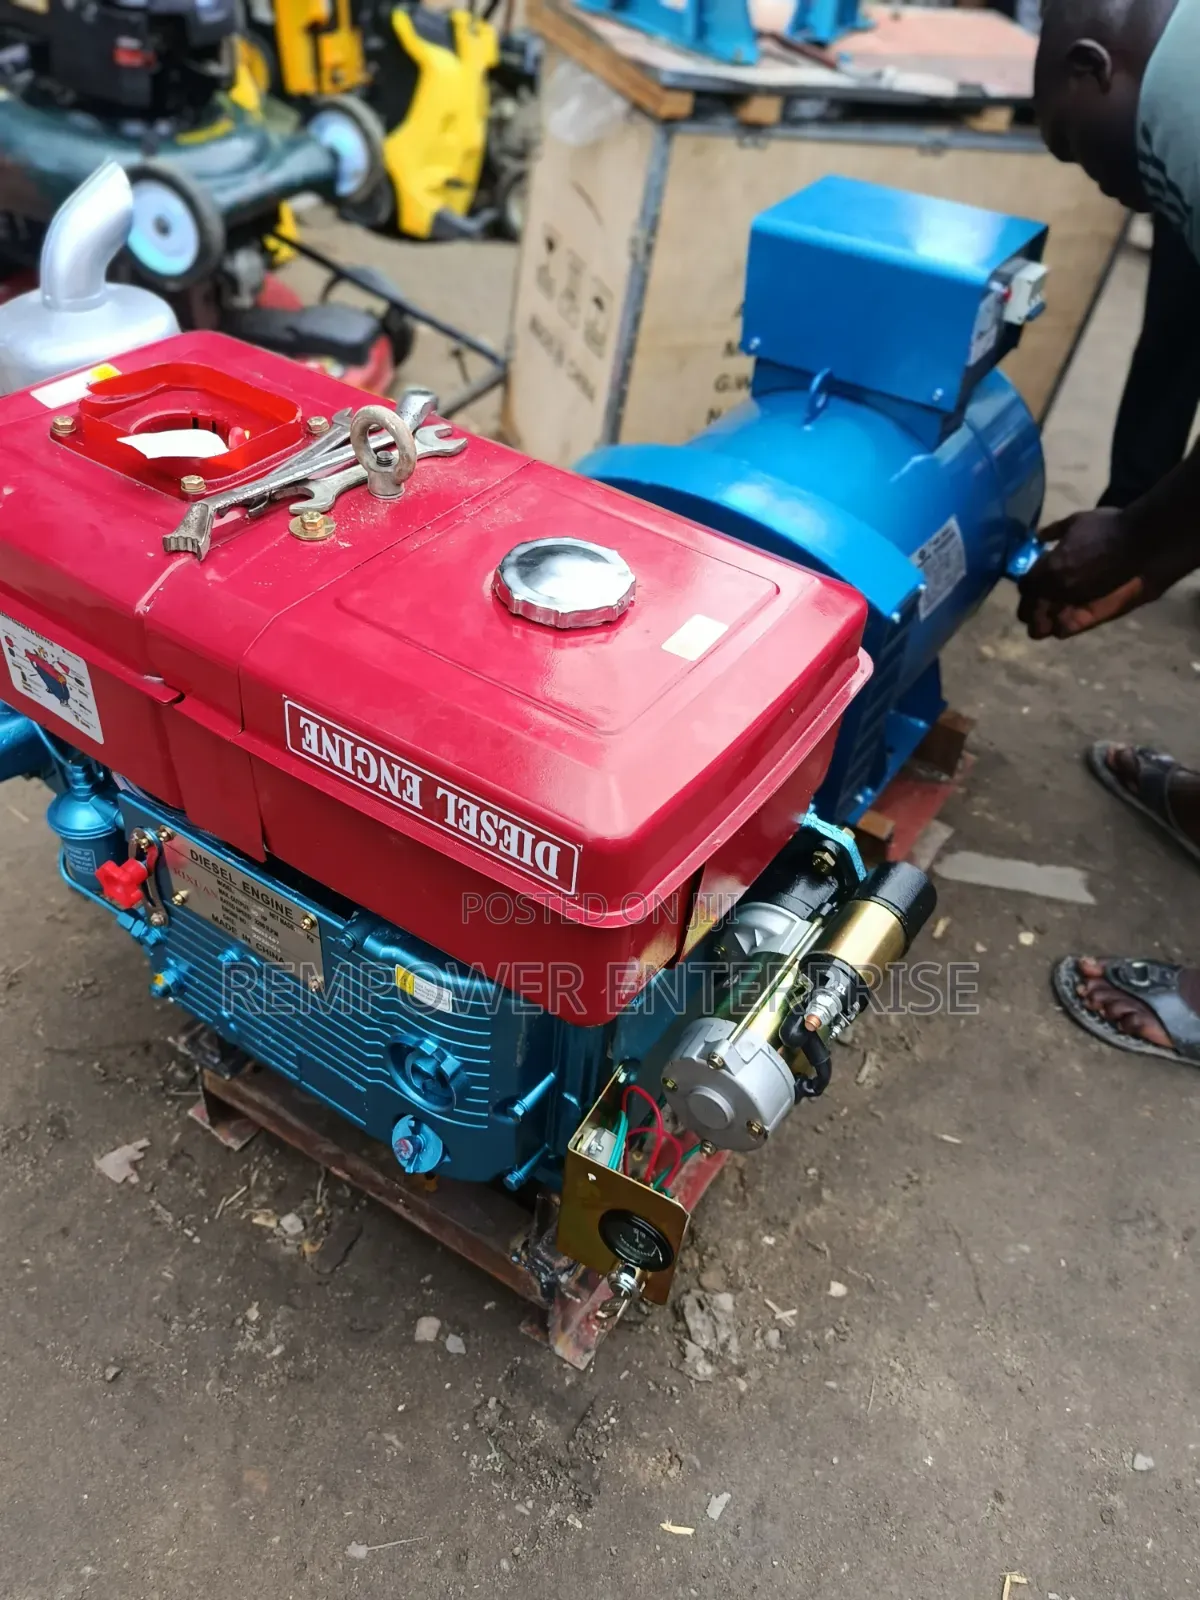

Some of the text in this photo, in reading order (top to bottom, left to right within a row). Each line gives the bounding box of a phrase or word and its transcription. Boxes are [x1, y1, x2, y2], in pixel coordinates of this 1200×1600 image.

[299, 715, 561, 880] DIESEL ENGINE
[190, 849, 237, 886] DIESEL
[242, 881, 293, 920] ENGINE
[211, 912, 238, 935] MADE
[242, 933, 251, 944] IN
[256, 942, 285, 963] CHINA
+ + +
> _Required action_
Return the data exactly. Pictures stay out.

> _Output below_
Some of the text in this photo, in reading order (top to bottom, left to right within a row). Each line gives the bounding box of a phrase or word and its transcription. Boxes are [x1, y1, x2, y2], in pixel coordinates of this 1200×1600 image.

[299, 715, 561, 880] DIESEL ENGINE
[190, 849, 237, 886] DIESEL
[242, 881, 293, 920] ENGINE
[211, 912, 238, 935] MADE
[242, 933, 251, 944] IN
[256, 942, 285, 963] CHINA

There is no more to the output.